Tej is a new character to the series and at the start of the story she has already lost most of her family. However, through flashbacks and the reappearance of the family later on, it becomes clear that this huge tragedy is almost less important than the numerous burdens placed upon her by being ordinary and unambitious in a family that is neither. At age 25, Tej still feels herself bound to promote her family’s interests and fall in with their plans, even though they endanger her life and happiness. At one point she protests against making herself available for a “genetic alliance”.
‘Dada wouldn’t ask me this.’
‘Dada shouldn’t have to ask you this! Isn’t it about time you stopped being such a maddening deadweight in the House?’
4) This is a romance novel
This story very much follows the formula of a romance novel – boy and girl meet, dramatic events happen, boy and girl start liking each other, more drama, happy ending. The focus of the story is on Ivan and Tej’s relationship. There’s even a marriage of convenience. The book is, however, a very good romance novel.
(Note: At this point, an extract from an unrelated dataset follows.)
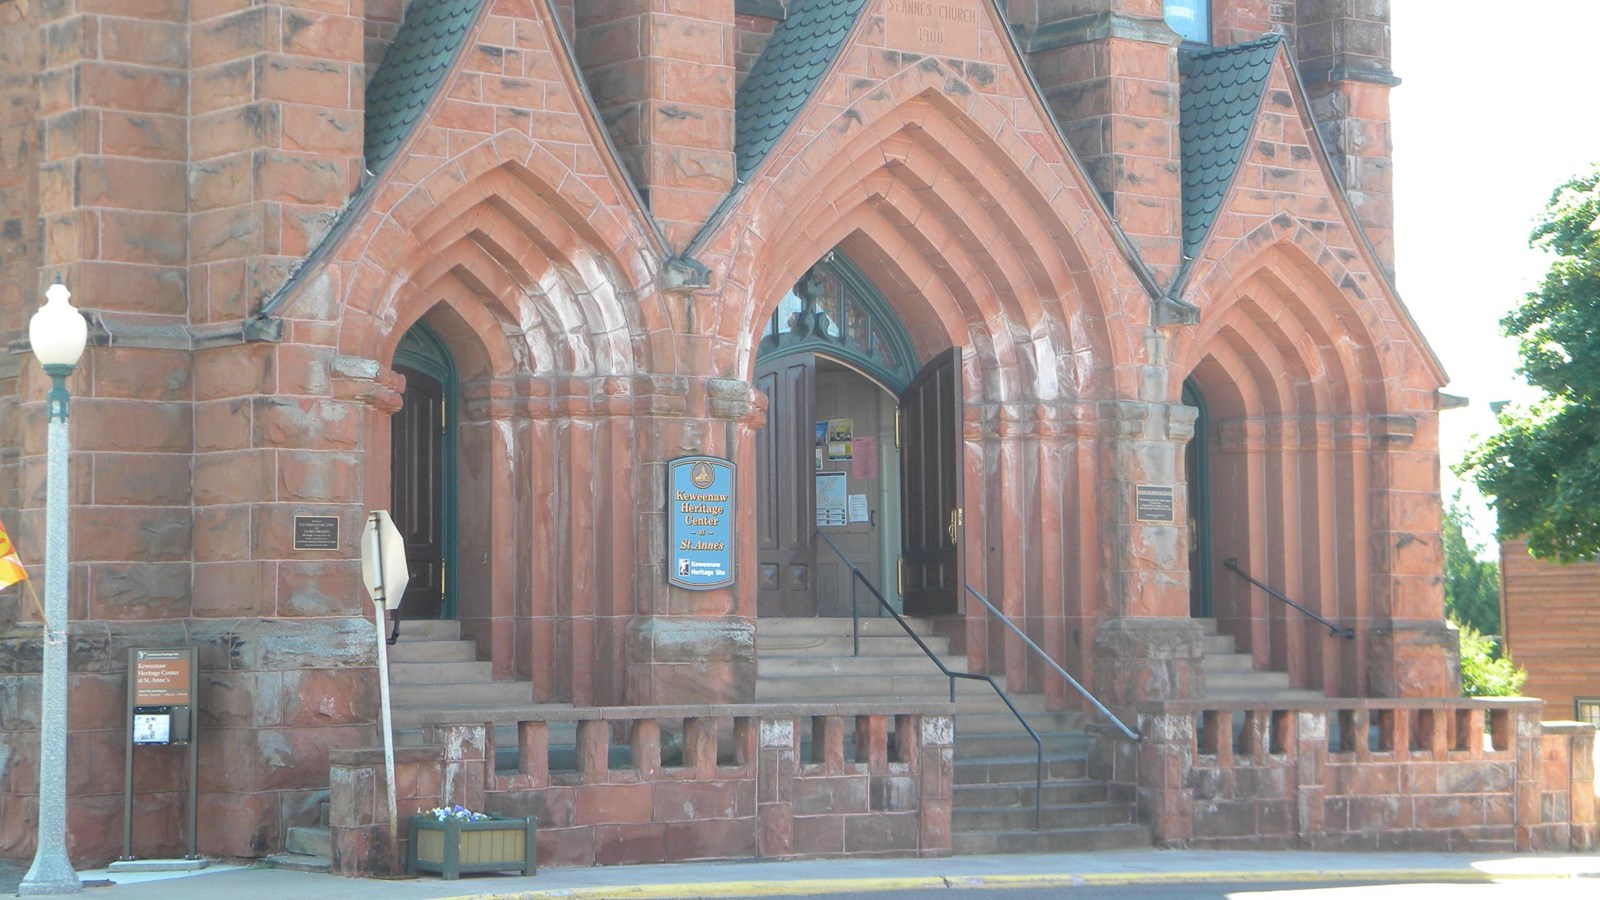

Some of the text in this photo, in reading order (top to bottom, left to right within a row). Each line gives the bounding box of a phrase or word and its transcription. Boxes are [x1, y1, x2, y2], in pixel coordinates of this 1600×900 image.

[938, 5, 976, 24] CHURCH
[676, 490, 729, 502] Keweenaw
[681, 502, 724, 516] Heritage
[685, 515, 720, 526] Center
5) The plot is slightly ridiculous
Yes, I loved this book. However, don’t go into it expecting a tightly plotted adventure tale. There are no huge flaws in logic or anything particularly annoying; it’s just that some of the coincidences appear a little contrived. On the other hand, it’s fun, which is why Bujold gets away with it.
6) It’s hilarious
Bujold’s prose is very unobtrusive. The humor doesn’t come from the words themselves, but from the characters, their dialogue, and the situations they find themselves in. Because they are described so well, it’s as funny as if you were actually there – and often a lot funnier than the characters find it.
That said, this book isn’t frivolous; the funny parts generally play an important part in developing the characters. There are many parts which are almost-funny and almost-heartbreaking, with one balancing out the other.
In my opinion, the best scene of the novel is when Ivan and Tej try to obtain a divorce (which they agreed to do before getting married) but are denied. No quote can do it justice – you have to read the book to appreciate it fully.
7) You should read it
This book is great, but it’s not perfect. If you have the willpower (unlike me) it’s probably worth waiting for the price to drop, which will hopefully happen after the official release. However, assuming you enjoy one of the following, it is well worth buying eventually:
- the Vorkosigan Saga
- romance novels
- science fiction
It’s funny, the characters are adorable, and the plot is entertaining.
There’s no need to worry about buying the ARC copy – I didn’t notice any errors at all.